Im Haushalt sind 62,9 Millionen Euro für Investitionsprojekte vorgesehen, wobei 34,1 Millionen Euro durch neue Kredite finanziert werden. Die Einnahmen belaufen sich auf voraussichtlich 243,5 Millionen Euro, während die Ausgaben 252,0 Millionen Euro erreichen werden – was ein Defizit von etwa 3,9 Millionen Euro hinterlässt.
Drei Schulen im Umland von Wevelinghoven profitieren direkt von den Mitteln. Die Käthe-Kollwitz-Gesamtschule erhält bis Ende 2026 neue Werkstatträume. Der Ausbau der Dritten Gesamtschule, der über 16 Millionen Euro kostet, beginnt 2025. Am Erasmus-Gymnasium startet im Juli 2026 der Bau eines 3,1 Millionen Euro teuren Naturwissenschaftstrakts.

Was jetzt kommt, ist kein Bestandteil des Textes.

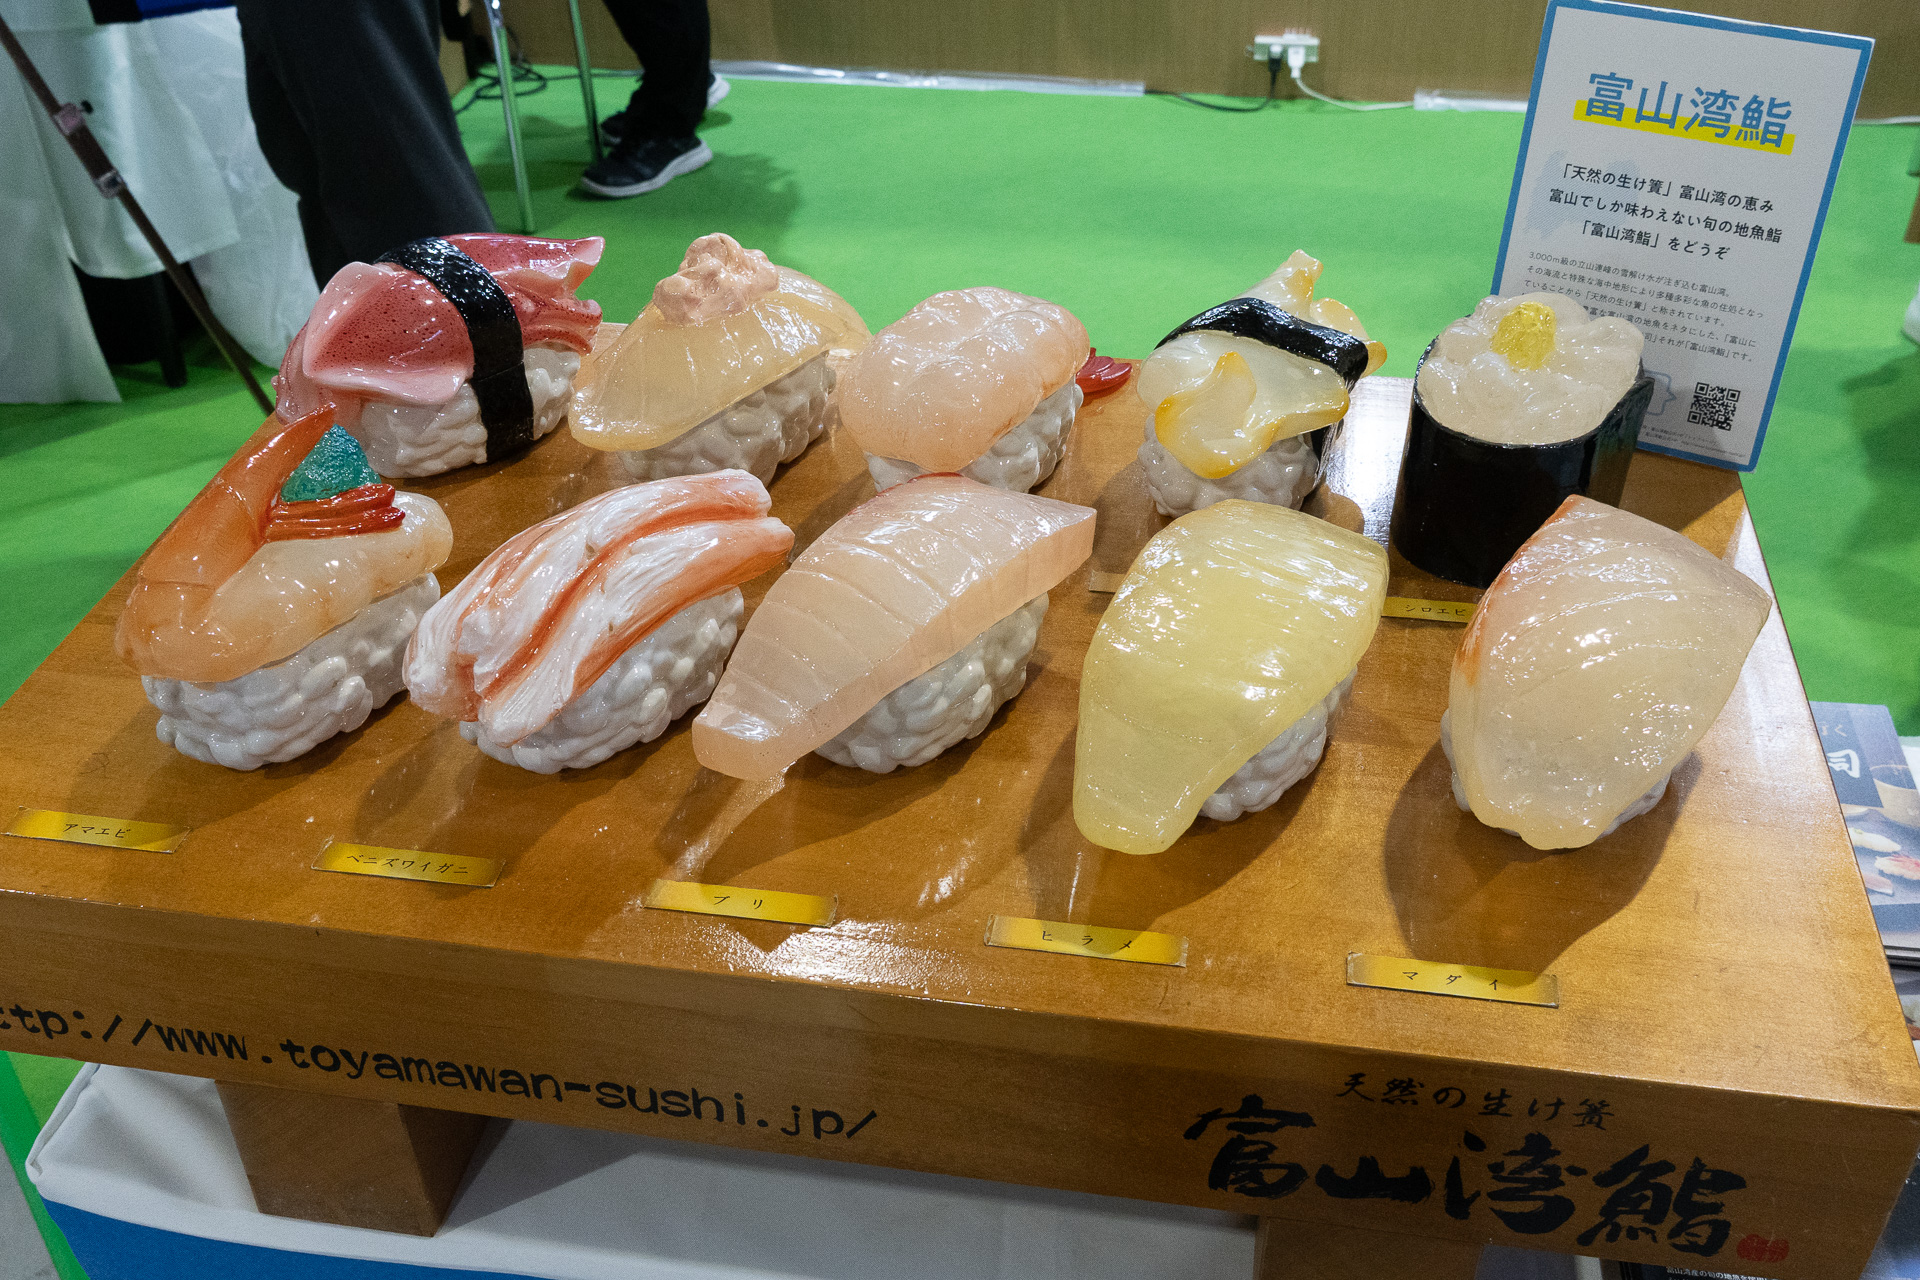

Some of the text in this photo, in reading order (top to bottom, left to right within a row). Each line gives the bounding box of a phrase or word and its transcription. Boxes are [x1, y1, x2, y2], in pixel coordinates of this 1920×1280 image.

[1585, 72, 1792, 148] 富山湾鮨
[1549, 188, 1783, 244] 富山でしか味わえない旬の地魚鮨
[1582, 220, 1731, 260] 「富山湾鮨」をどうぞ
[62, 823, 132, 839] アマエビ
[347, 854, 469, 875] ベニズワイガニ
[1040, 930, 1134, 951] ヒラメ
[1401, 970, 1501, 993] マダイ
[1183, 1094, 1748, 1258] 富山湾鮨

Auch Sicherheit und Verkehr werden stark gefördert. Eine neue Feuerwehrwache in Kapellen schlägt mit 3,5 Millionen Euro zu Buche. Für barrierefreie Bushaltestellen sind 1,15 Millionen Euro eingeplant, während die Sanierung der Nord-Süd-Kohlenbahnbrücke mit 920.000 Euro veranschlagt wird. Fast 2 Millionen Euro fließen in das Lehrschwimmbecken in Wevelinghoven.

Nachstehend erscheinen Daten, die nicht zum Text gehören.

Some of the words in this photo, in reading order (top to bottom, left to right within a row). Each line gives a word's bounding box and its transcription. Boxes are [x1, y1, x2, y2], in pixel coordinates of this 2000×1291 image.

Der Haushalt 2026 setzt klare Prioritäten: Bildung durch Neubauten und Modernisierungen sowie zentrale Infrastruktur- und Sicherheitsprojekte. Zwar plant die Stadt, 34,1 Millionen Euro neu aufzunehmen, doch betonen die Verantwortlichen, dass die Investitionen langfristiges Wachstum und die Bedürfnisse der Bürgerschaft stärken werden.